OpenCRAVAT data is structured into 4 levels: variant, gene, sample, and mapping. These levels correspond directly to four tables in the output database. The first two levels, variant and gene, contain information about variants and genes that OpenCRAVAT generates, and data from annotators. The sample level keeps track of which samples contain a certain variant, and can include information about specific ocurrences of a variant, such as zygosity. Finally, the mapping level keeps track of where in the original input files a variant was found.

Most reporters will be concerned with the variant and gene level data, and that will be the focus of this page. Sample and mapping level data can be handled in a similar way.

Structure of a reporter

Reporters must define four functions: setup, write_header, write_table_row, and end.

setup is called once. It is used to open file handlers and do other such initialization tasks.

write_header is called once per level. It is used to write information about the data that will be in that level.

write_table_row is called once per “row” of data. In the variant level this means once per variant. In the gene level, once per gene.

end is used to close file handlers and do other such cleanup tasks.

Most of the work of a reporter is done in write_header and write_table_row. The following two sections will cover the data structures of those two functions.

Low level

write_table_row takes a single argument, row, which is a list of the values for that row.

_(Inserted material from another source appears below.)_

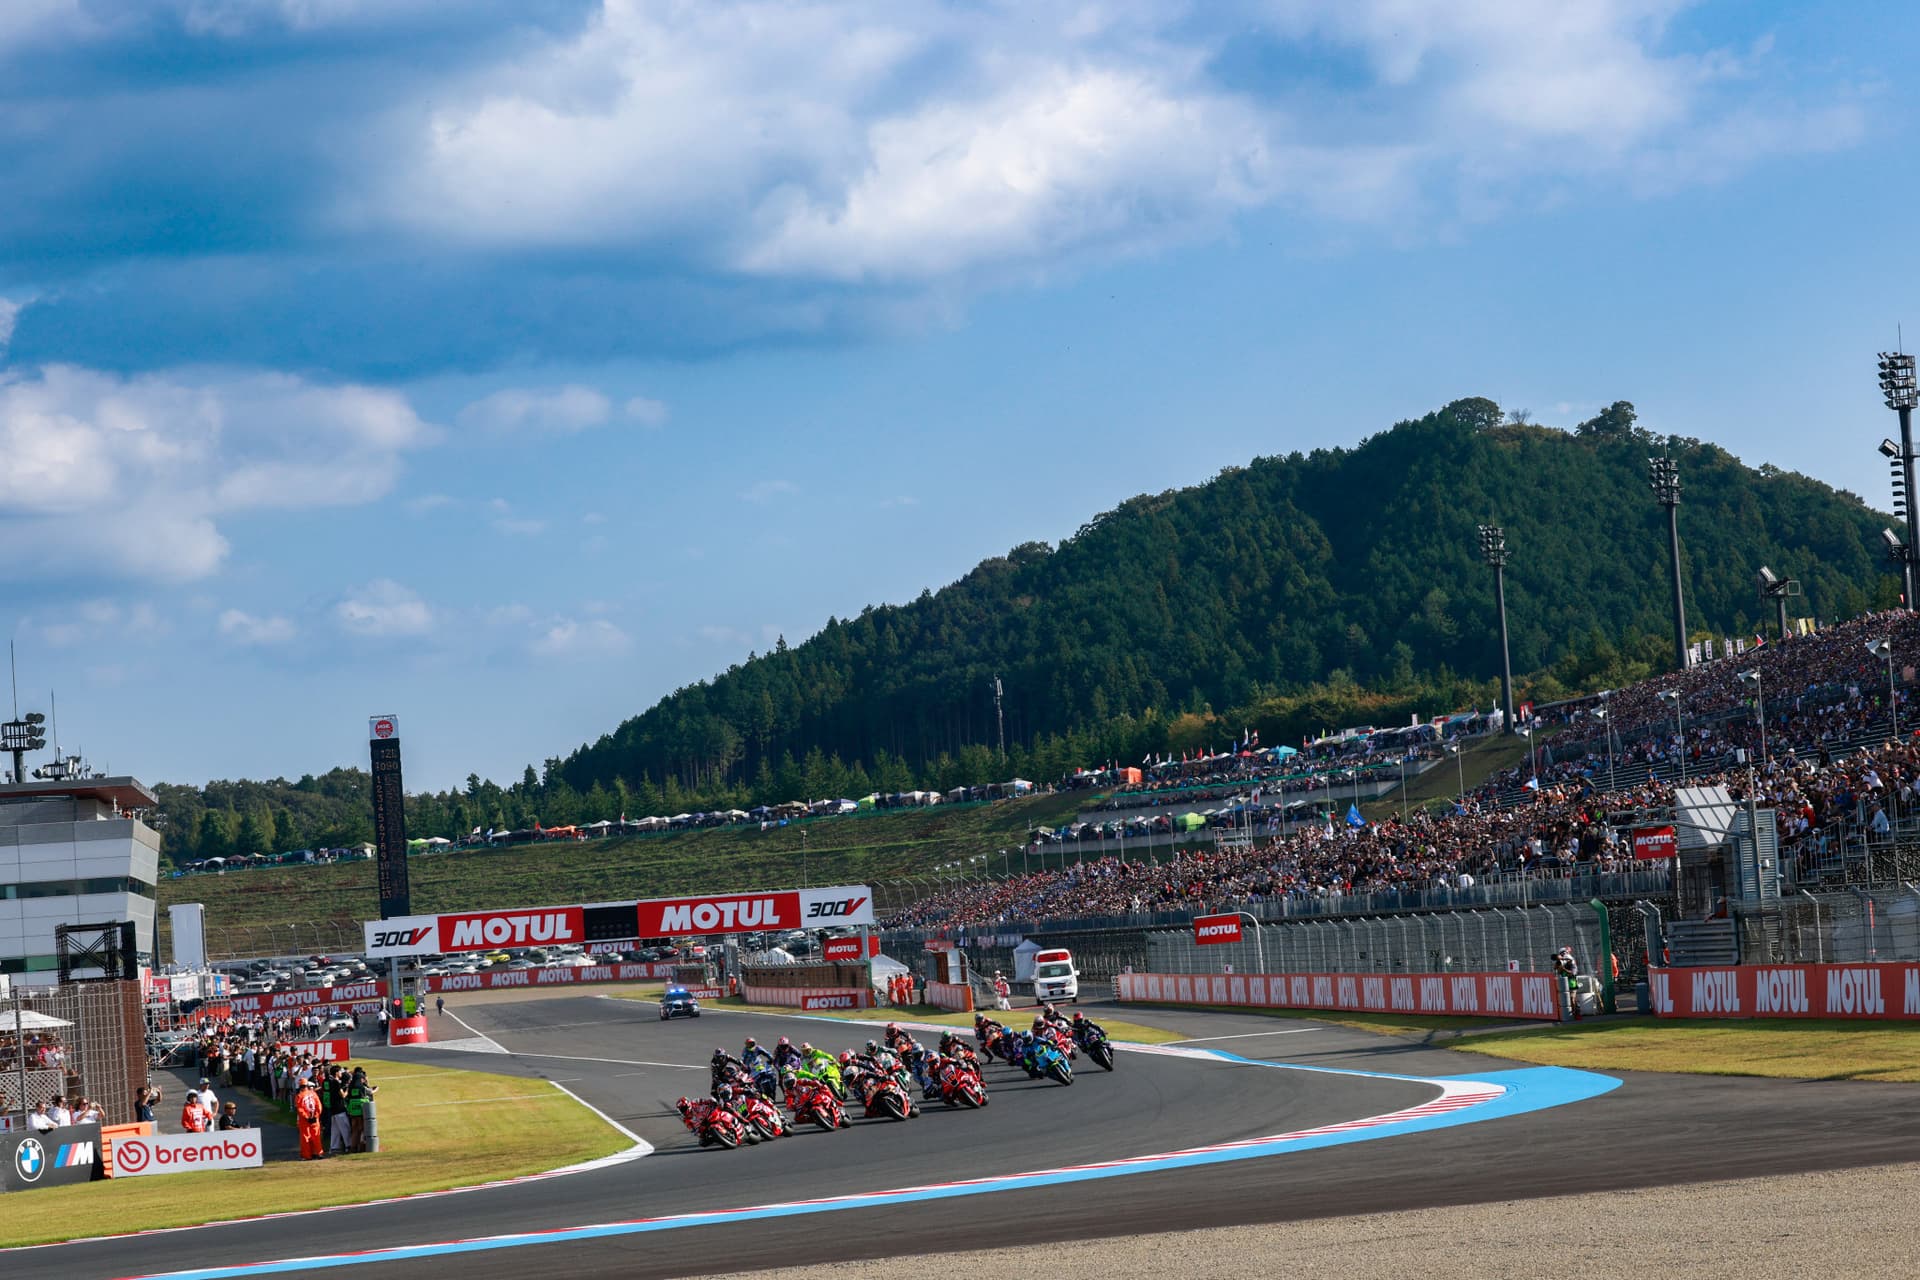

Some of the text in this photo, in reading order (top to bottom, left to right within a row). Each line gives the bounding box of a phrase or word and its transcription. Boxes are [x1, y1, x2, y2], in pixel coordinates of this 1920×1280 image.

For example, at the variant level, the first part of row might be:

[1, 'chr3', 41266113, 'C', 'T', None, None, 'ULK4', 'ENST00000301831.9', ...]

Each of these columns is identified in a attribute called self.colinfo, a multi-level dict with information about all the columns in the job. A summary of it’s structure is below.

self.colinfo = {
    'variant': {
        'columns': [
            {
                'col_name': 'base__uid',
                'col_title': 'UID',
                'col_type': 'int',
                ...
            },
            {
                'col_name': 'base__chrom',
                'col_title': 'Chrom',
                'col_type': 'string',
                ...
            },
            {
                'col_name': 'base__pos',
                'col_title': 'Position',
                'col_type': 'int',
                ...
            },
            ...
        ]
        'colgroups': [
            {
                'name': 'base',
                'displayname': 'Variant Annotation',
                'count': 16,
                'lastcol': 16,
                ...
            },
            {
                'name': 'clinvar',
                'displayname': 'ClinVar',
                'count': 5,
                'lastcol': 21,
                ...
            }
        ]
    },
    'gene':{...},
    'sample':{...},
    'mapping':{...}
}

At the top, self.colinfo is divided into each level, then into 'columns' and 'colgroups'. The list self.colinfo['level']['columns'] matches up with the row list passed to write_table_row. Columns from the same annotator are located next to each other. The list colgroups contains information about each annotator, and can be used to select data from that annotator.

In practice

Generally, write_header reads information from self.colinfo and write descriptions of each column to the output file. Then write_table_row writes the value of each cell.